Working toward consistency in program loudness

Within the past few years, we have entered an age where-by many television viewers are presented with programming from both the analog and digital domains (in some cases unbeknownst to them). This situation has, in many cases, generated audio level discrepancies that far exceed what most of the television viewing population considers acceptable. Research indicates that there are significant level differences within and across both types of services (that is, digital and analog). And when combined, the average A-weighted dialogue levels varied over a 16dB range.

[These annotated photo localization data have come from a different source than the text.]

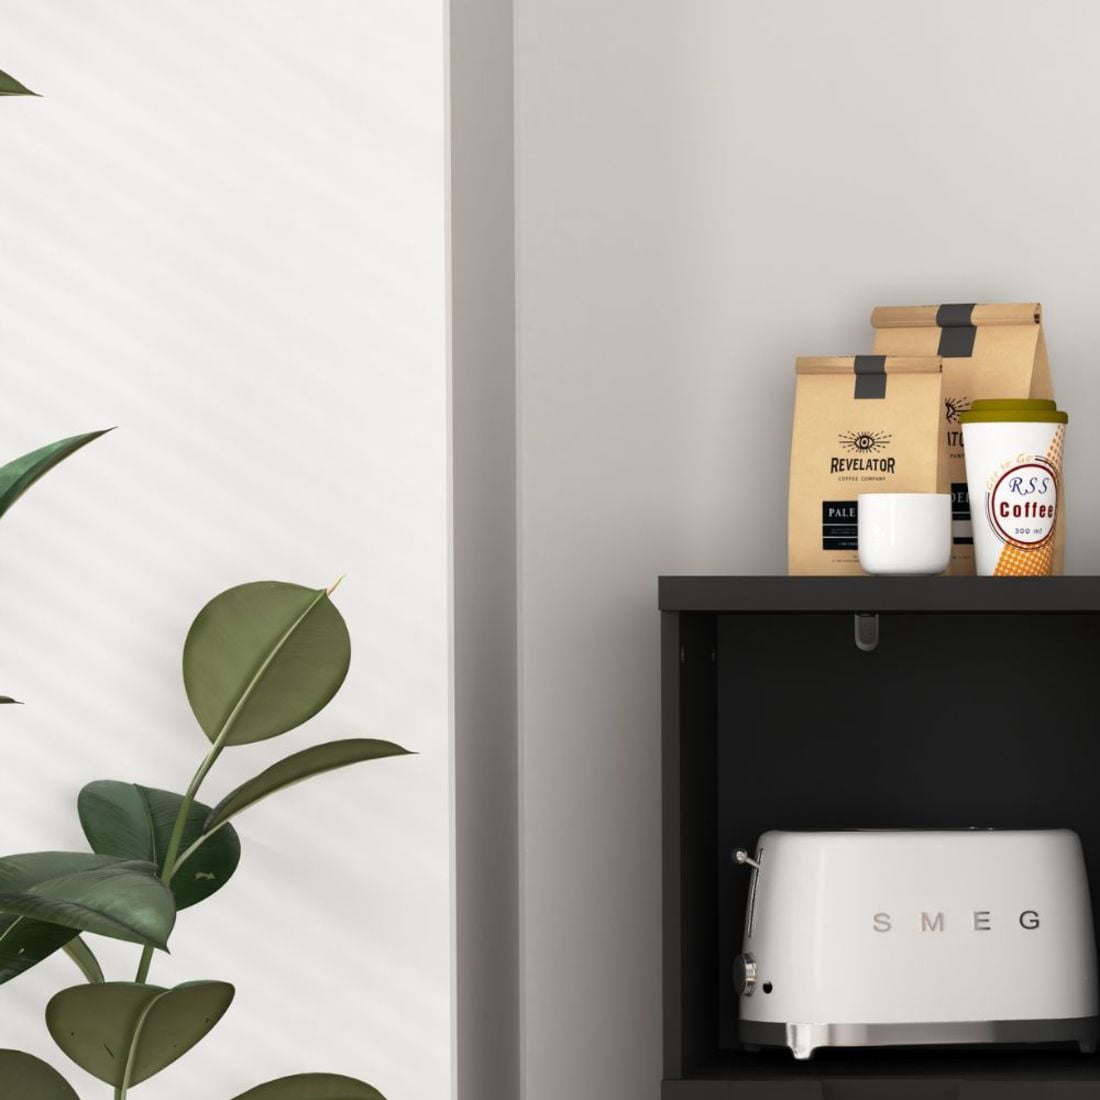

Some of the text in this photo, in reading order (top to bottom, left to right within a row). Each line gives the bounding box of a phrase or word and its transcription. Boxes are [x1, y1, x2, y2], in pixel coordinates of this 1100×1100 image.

[830, 456, 895, 474] REVELATOR
[1009, 477, 1049, 495] RSS
[828, 508, 856, 517] PALE
[1000, 502, 1054, 518] Coffee
[872, 910, 1040, 933] SMEG
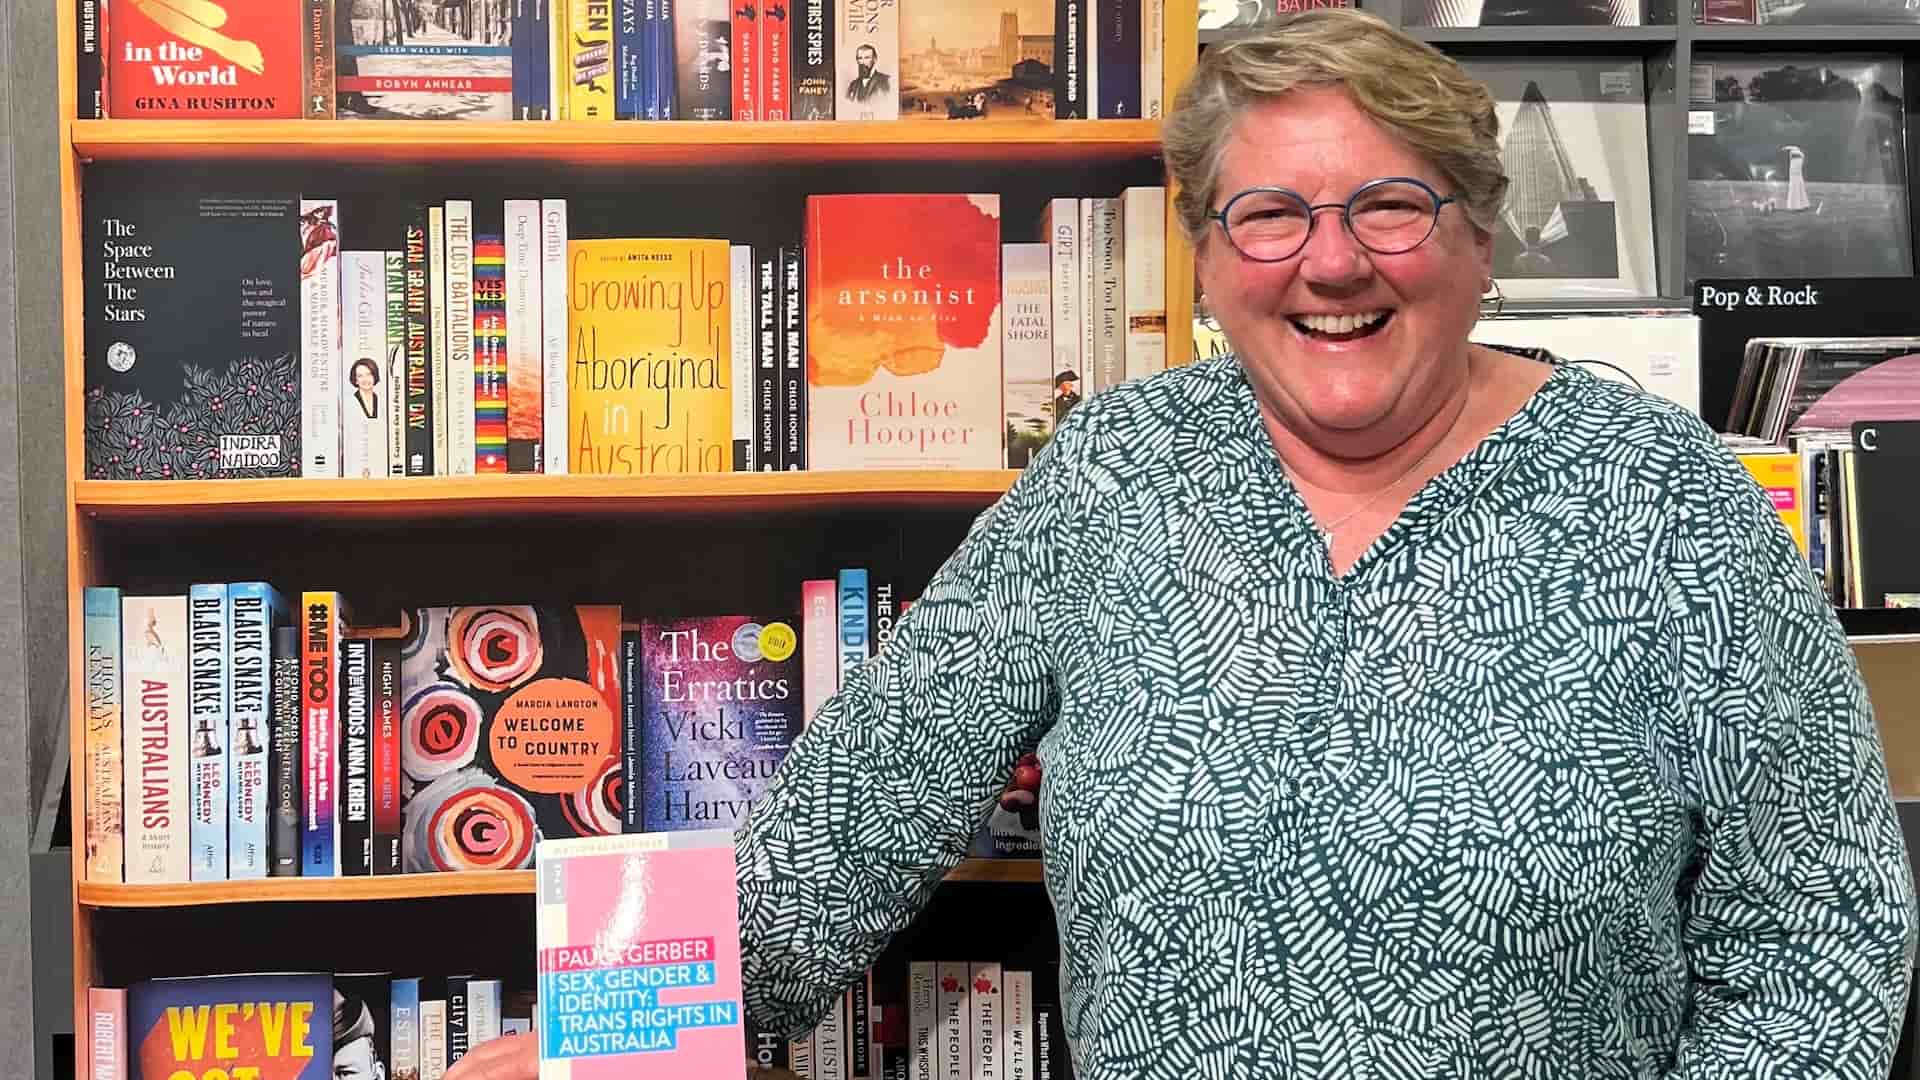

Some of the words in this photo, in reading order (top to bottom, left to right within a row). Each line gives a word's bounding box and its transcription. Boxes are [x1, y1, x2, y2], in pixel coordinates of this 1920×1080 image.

[124, 41, 152, 62] in
[158, 41, 203, 62] the
[807, 32, 822, 65] SPIES
[151, 64, 238, 86] World
[375, 79, 418, 89] ROBYN
[424, 79, 473, 89] ANNEAR
[135, 97, 179, 110] GINA
[187, 97, 275, 110] RUSHTON
[102, 218, 136, 236] The
[449, 215, 469, 242] THE
[1103, 208, 1117, 234] Too
[103, 240, 152, 262] Space
[407, 228, 425, 264] STAN
[449, 245, 469, 277] LOST
[104, 261, 175, 279] Between
[387, 256, 404, 298] STAN
[477, 279, 502, 289] YES
[761, 262, 773, 290] THE
[786, 262, 799, 290] THE
[881, 256, 932, 280] the
[103, 282, 137, 300] The
[407, 269, 425, 314] GRANT
[477, 289, 502, 299] YES
[573, 249, 684, 348] Growing
[688, 249, 725, 346] Up
[838, 283, 976, 305] arsonist
[1103, 277, 1117, 306] Too
[1701, 286, 1740, 310] Pop
[1746, 287, 1763, 306] &
[1767, 285, 1818, 306] Rock
[104, 303, 145, 321] Stars
[387, 300, 404, 347] GRANT
[449, 281, 469, 361] BATTALIONS
[761, 292, 773, 329] TALL
[786, 292, 799, 329] TALL
[1010, 316, 1048, 327] FATAL
[1016, 303, 1041, 314] THE
[1103, 307, 1117, 339] Late
[761, 331, 773, 369] MAN
[786, 331, 799, 369] MAN
[1007, 328, 1049, 340] SHORE
[407, 322, 425, 397] AUSTRALIA
[573, 324, 729, 430] Aboriginal
[407, 403, 425, 429] DAY
[603, 400, 630, 434] in
[860, 391, 958, 417] Chloe
[221, 437, 278, 450] INDIRA
[577, 411, 724, 474] Australia
[847, 417, 975, 453] Hooper
[1859, 429, 1878, 451] C
[221, 452, 279, 467] NAIDOO
[877, 584, 892, 616] THE
[193, 598, 221, 655] BLACK
[234, 597, 262, 653] BLACK
[308, 603, 328, 653] #ME
[348, 643, 365, 675] INTO
[660, 628, 729, 662] The
[89, 644, 103, 734] KENEALLY
[101, 655, 114, 730] THOMAS
[193, 657, 221, 715] SNAKE
[234, 655, 262, 713] SNAKE
[290, 658, 299, 702] BEYOND
[308, 656, 328, 703] TOO
[382, 661, 392, 697] NIGHT
[661, 669, 789, 702] Erratics
[348, 686, 365, 736] WOODS
[382, 700, 392, 738] GAMES
[515, 699, 552, 709] MARCIA
[555, 699, 598, 709] LANGTON
[290, 704, 299, 744] WORDS
[504, 718, 585, 732] WELCOME
[660, 708, 745, 741] Vicki
[141, 680, 169, 829] AUSTRALIANS
[348, 737, 365, 776] ANNA
[497, 735, 518, 750] TO
[525, 741, 600, 756] COUNTRY
[202, 761, 212, 825] KENNEDY
[243, 760, 253, 824] KENNEDY
[348, 778, 365, 821] KRIEN
[627, 940, 709, 964] GERBER
[558, 970, 603, 994] SEX,
[604, 965, 691, 989] GENDER
[696, 964, 712, 983] &
[449, 994, 465, 1028] city
[558, 990, 653, 1014] IDENTITY:
[948, 1000, 959, 1025] THE
[981, 1001, 992, 1027] THE
[166, 1001, 314, 1062] WE'VE
[558, 1010, 627, 1033] TRANS
[631, 1005, 705, 1028] RIGHTS
[710, 1004, 732, 1023] IN
[558, 1029, 673, 1056] AUSTRALIA
[918, 1026, 930, 1047] THIS
[948, 1027, 959, 1077] PEOPLE
[981, 1028, 992, 1077] PEOPLE

This range is well outside the range of acceptance for listeners tested during research.

Furthermore, many broadcasters (including cable programmers and television personnel) do not realize that the digital set-top box (STB) has been designed around several assumptions regarding analog NTSC broadcast levels (specifically, the speech levels), digital decoder operating mode, the validity of the digital audio metadata and the level relationships within the STB itself. Let’s look at three of the conditions that must be met in order for digital programming to match analog programming at the STB’s channel 3/4 RF output:

Digital STBs assume that while tuned to any analog service (whether over the air or cable), the average dialogue level is -17dB Leq(A) below 100 percent modulation.
When tuned to a digital service, the transmitted dialogue normalization (dialnorm) value is assumed to be correct for that program.
When using the RF output of the STB, the Dolby Digital decoder defaults to the RF operating mode.

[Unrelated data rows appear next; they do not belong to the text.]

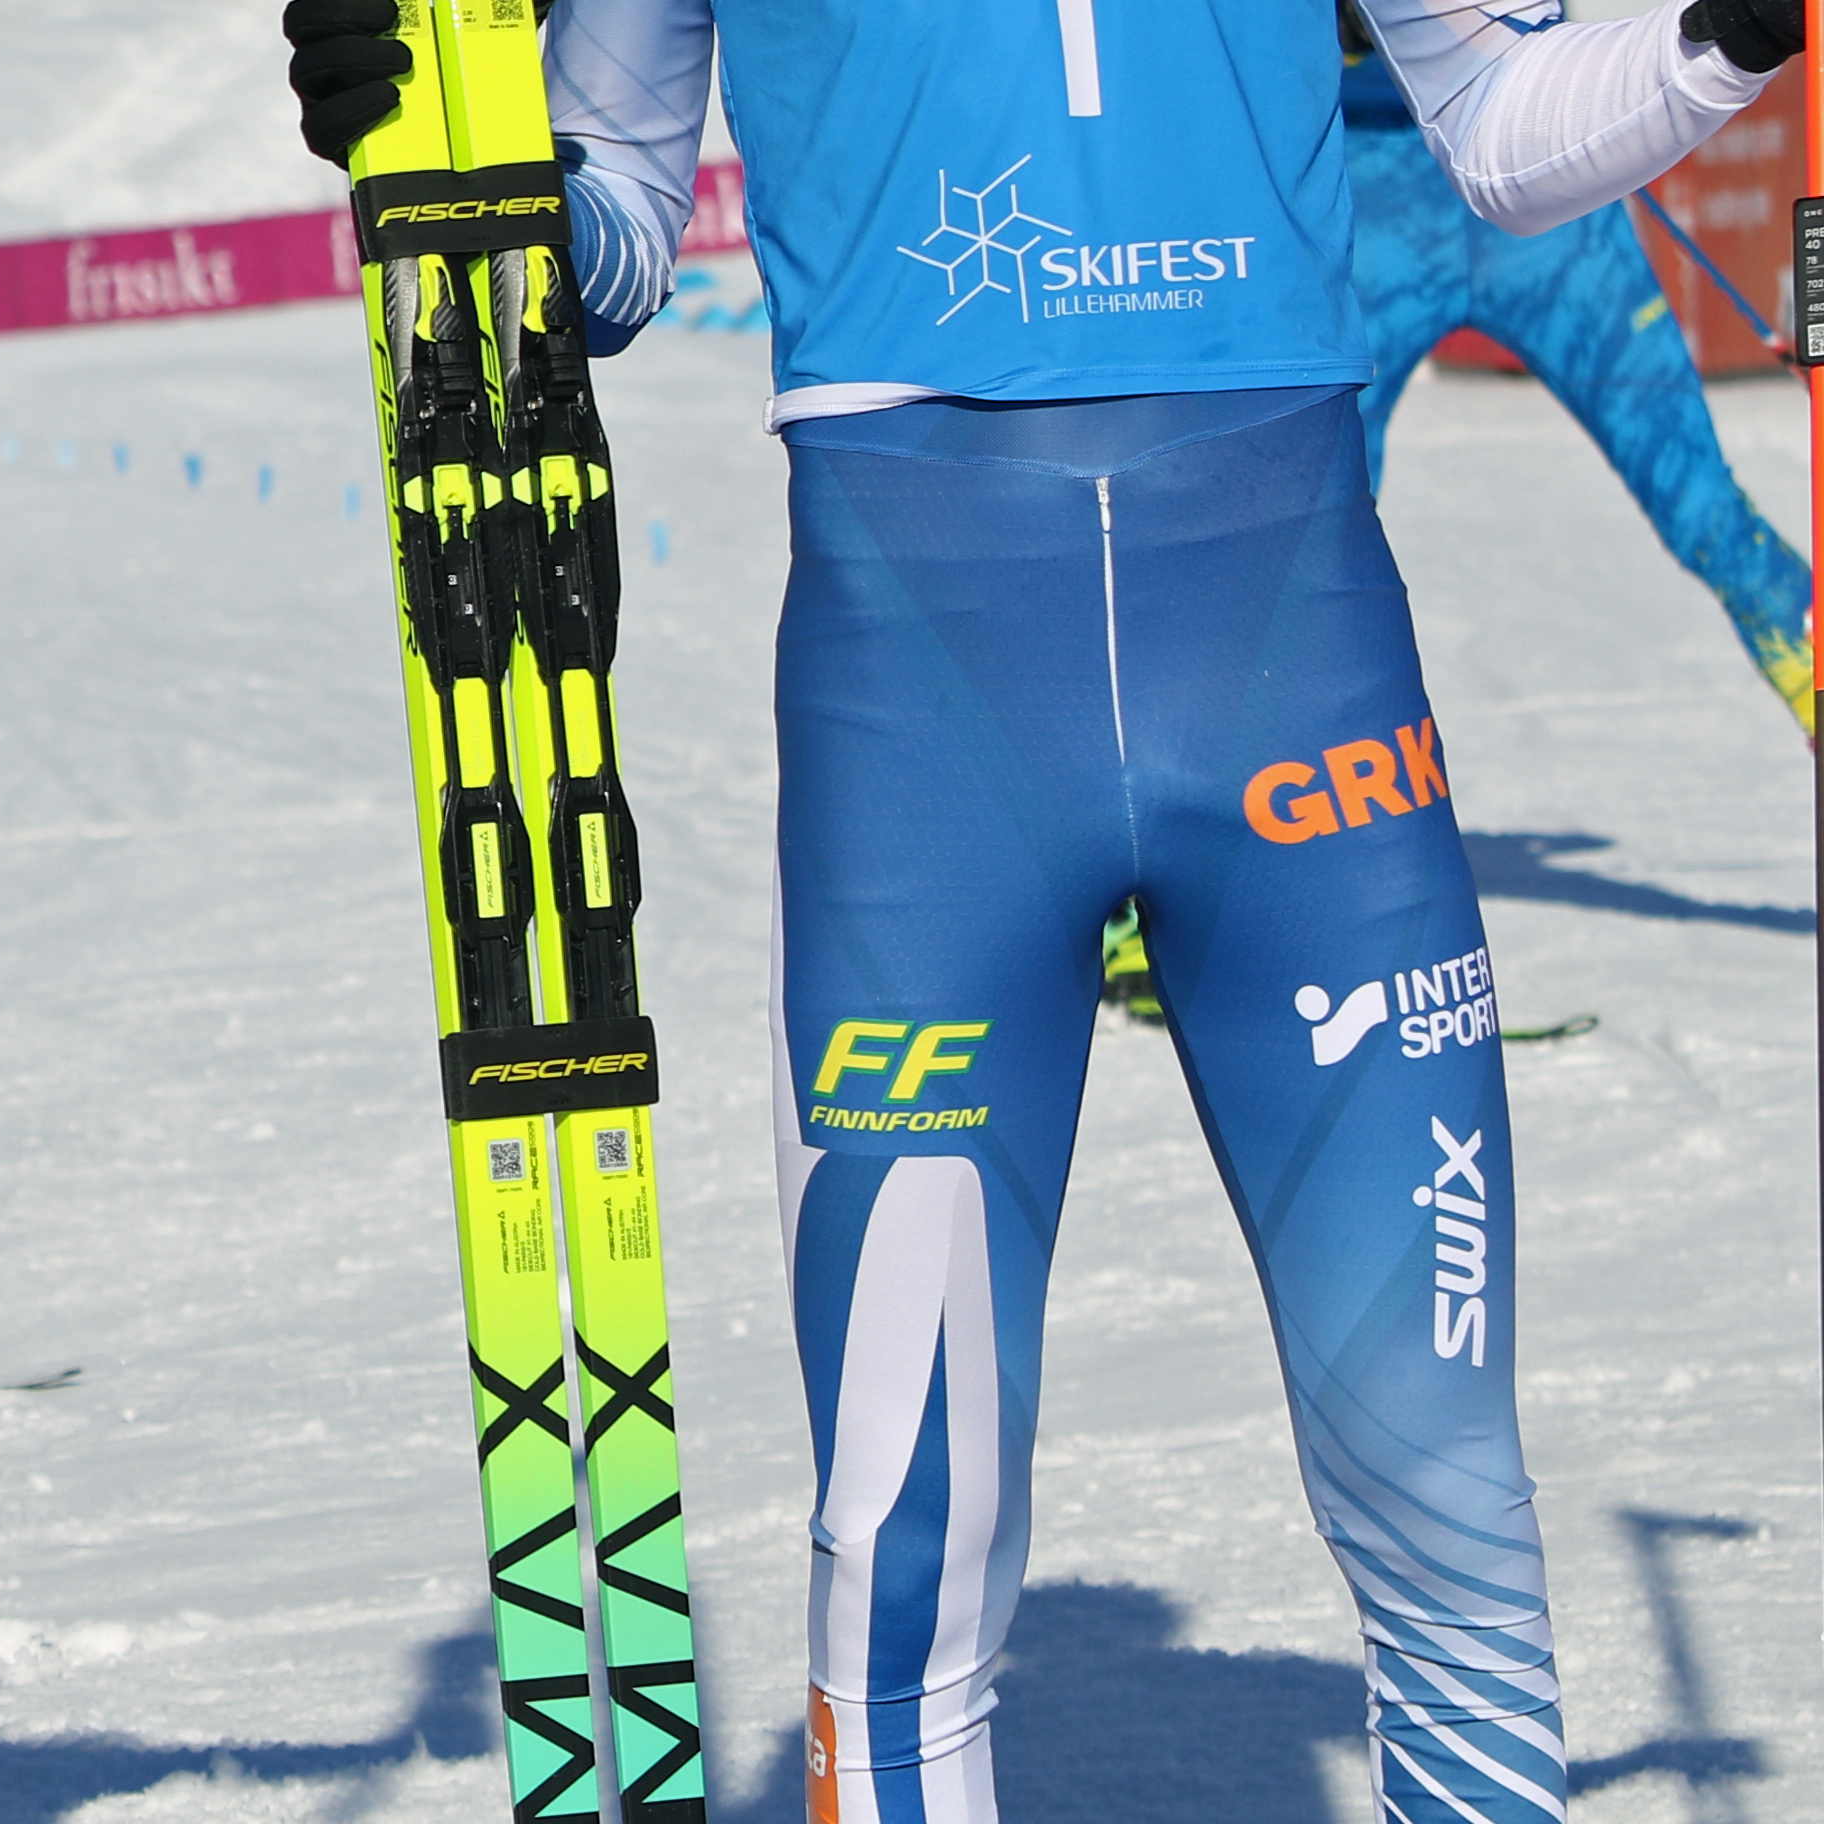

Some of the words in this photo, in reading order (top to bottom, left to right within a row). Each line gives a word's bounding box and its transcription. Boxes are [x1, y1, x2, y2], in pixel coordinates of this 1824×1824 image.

[375, 194, 562, 229] FISCHER
[1805, 228, 1824, 239] PRE
[1805, 240, 1821, 250] 40
[1039, 235, 1256, 292] SKIFEST
[1806, 256, 1818, 266] 78
[1042, 287, 1205, 320] LILLEHAMMER
[1242, 717, 1450, 845] GRK
[1394, 946, 1492, 1014] INTER
[1399, 995, 1499, 1062] SPORT
[468, 1052, 648, 1085] FISCHER
[810, 1017, 994, 1104] FF

Each of these assumptions are referenced in a bulletin issued by the Electronic Industries Association and the Consumer Electronics Association entitled EIA/CEA-CEB-11 NTSC/ATSC Loudness Matching. This document provides guidance to digital STB manufacturers on how to maintain uniform audio loudness between existing NTSC services and digital television services while simultaneously preserving the dynamic range capability of the digital services. The bulletin also addresses optimal output specification, gain structure and the capabilities of consumer broadcast products to match loudness from the viewer perspective.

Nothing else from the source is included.